嫌よ嫌よは何の内?
今日も今日とて人間研究。近頃はめっきり話しかけて来なくなったディムを置いて、ウチは地上を地下を駆ける。
実は地下では、時々人間を見かける。何をしてるかは分からない。遠くからこっそりついて行くだけだ。ついて行くと、大抵は決まった場所から地上に登る。ウチはその場所が、地上でも特に大きい、いくつかの工場に繋がっていることを知った。時々工場から離れた場所にあることもあったけど、地下水道独特の臭いを辿れば必ずどこかの工場に辿り着く。ウチの嗅覚を舐めるなよ。
この工場は、ウチらが目をつけていたものだ。勝手に動く箱がよく出入りしている。この車に捕まれば外に出て行くことは可能だ。実際、色蜻蛉や絡繰蜘蛛を、これに仕込んで送り出したことがある。でもウチが乗ることは出来ない。なぜなら色蜻蛉と絡繰蜘蛛は見つかっているのだ(虫だから見逃されたけど。色蜻蛉は追い出された後追走した)。
でも勝手に動く箱は魅力的だ。絶対欲しい。
実際、この考えはディムも持っているようだ。工場の近くに行くとちょいちょい空糞や子蜘蛛を見かける。手を振ってくれるから、ディムが勝手に呼んだやつだ。
「いい加減、仲直りされては如何ですか?」
ナビンに言われたことがある。
「いやだよ。あんな奴知らない。」
ぷいとそっぽを向く。
「本当に嫌いなら、なぜアヤツラのように閉じ込めてしまわないのですか?」
最近、慧肢蚕は大変な魔力喰らいであることが解った。でも捨てるのは勿体無いので、何匹かはナビンの蜜を固めて閉じ込めてる。すると気絶したようで、体に恐ろしく活力が満ち満ちた。
「そもそもそんなに嫌うことではないのでは?」
いや....いや違うもん。違うったら違う。
「とべ、転寝蝶。」
車の入った工場の一つに目をつけ、眠りを誘う蝶を放つ。時間は夜、中でも人の数や出入りの少ないところを狙う。

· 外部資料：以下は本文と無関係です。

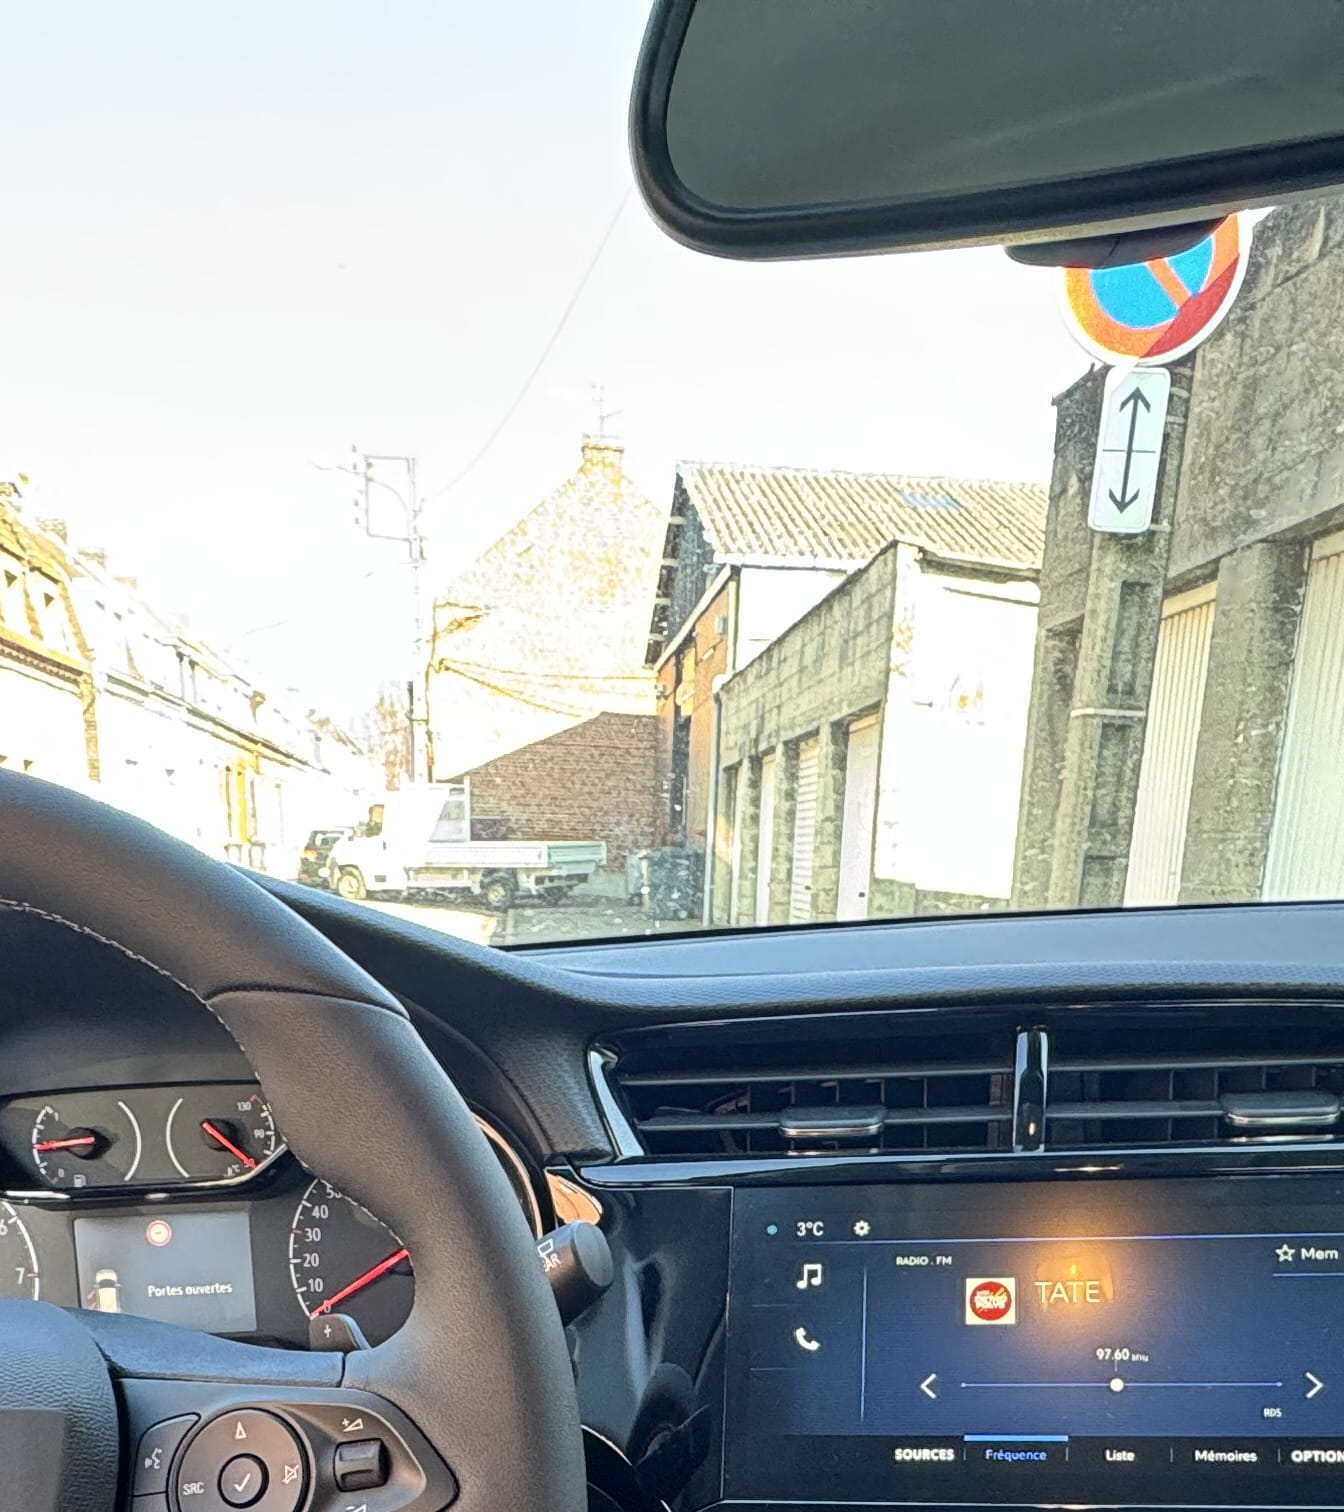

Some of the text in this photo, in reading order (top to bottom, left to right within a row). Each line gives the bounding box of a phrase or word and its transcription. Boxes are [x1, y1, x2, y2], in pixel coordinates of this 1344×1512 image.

[311, 1205, 329, 1219] 40
[304, 1228, 321, 1242] 30
[303, 1253, 319, 1267] 20
[896, 1255, 952, 1267] RADIO FM
[1300, 1247, 1339, 1261] Mem
[15, 1268, 25, 1285] 7
[147, 1282, 233, 1298] Portes ouvertes
[308, 1278, 323, 1292] 10
[1035, 1280, 1101, 1303] TATE
[1096, 1347, 1130, 1361] 97.60
[894, 1448, 955, 1461] SOURCES
[985, 1448, 1047, 1462] Fréquence
[1105, 1450, 1136, 1462] Liste
[1194, 1449, 1258, 1462] Mémoires
[183, 1481, 205, 1495] SRC

「紛れられるような荷物があれば良いんだけど.....。」
人間がいたときは暗転蛾の毒で眠らせる。今回はただの調べ物だから、騒ぎは起こさず慎重に。
「ヤブローニャ様、近くに人間は見えません。」
「よし、今の内にちゃっちゃと確認しよう。」
工場の中身は想像以上だった。何とそこには、魔石があったのだ。
魔石を燃やして動く機械、魔石に何かを押し付ける機械。機械のあちこちにも魔石が埋め込まれており、そこら中魔石だらけだった。

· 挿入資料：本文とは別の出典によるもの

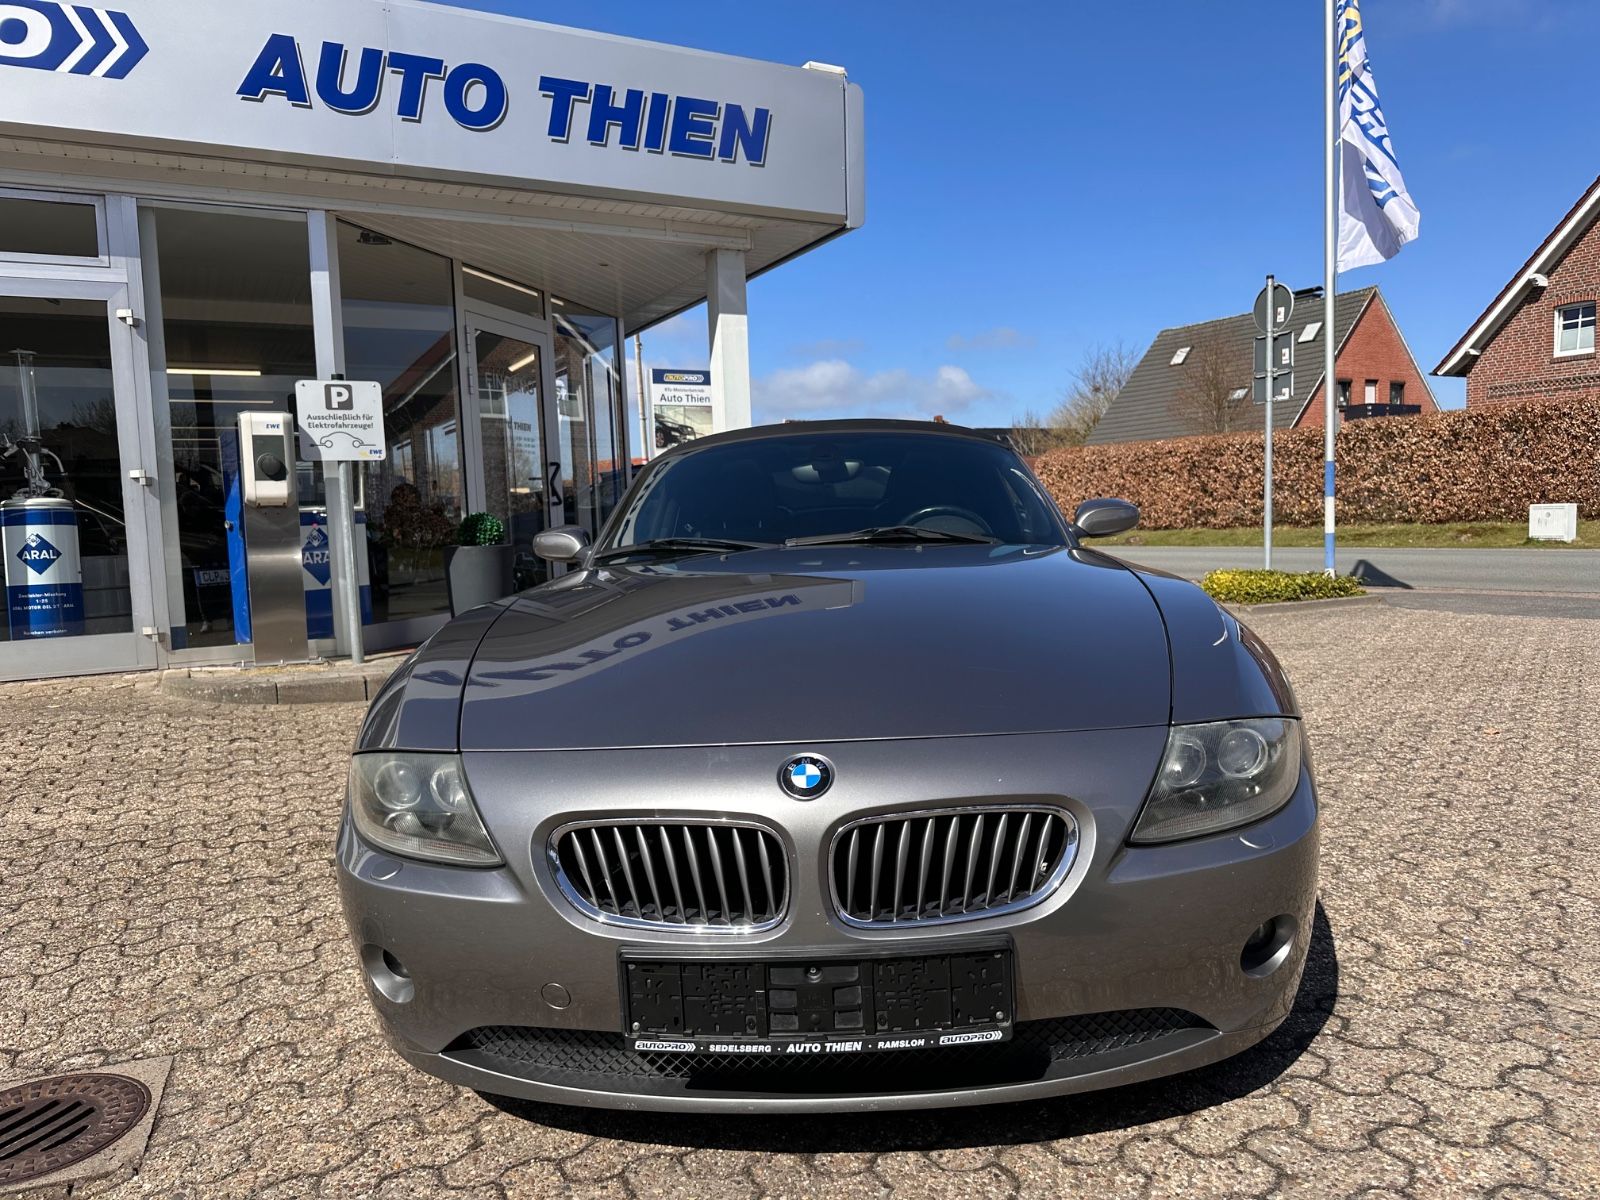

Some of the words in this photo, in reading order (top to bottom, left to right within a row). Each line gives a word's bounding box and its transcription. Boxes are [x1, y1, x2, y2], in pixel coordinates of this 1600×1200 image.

「ヤブローニャ様!こんなにも魔石が!これほど魔石があれば....」
「んー、これは無理かな?」
魔石を一つ、手にとってみる。魔石には大きな刻印があり、その内側はヒビだらけだった。力を入れるとすぐ崩れる。魔力ダダ漏れで、そんなに長くは持たなかっただろう。
周りに沢山の人間は、大体この魔石の交換が仕事であったようだ。他にも、魔石に何か彫り物をする人間や、魔石を運んだり、機械の周りで雑用をする人間も居た(全員寝てるけど)。
工場を隅々まで探したが、綺麗な魔石はどこにもなかった。でもどうやら、車はこの魔石を運んでいるようだった。1、2個だけ残っている。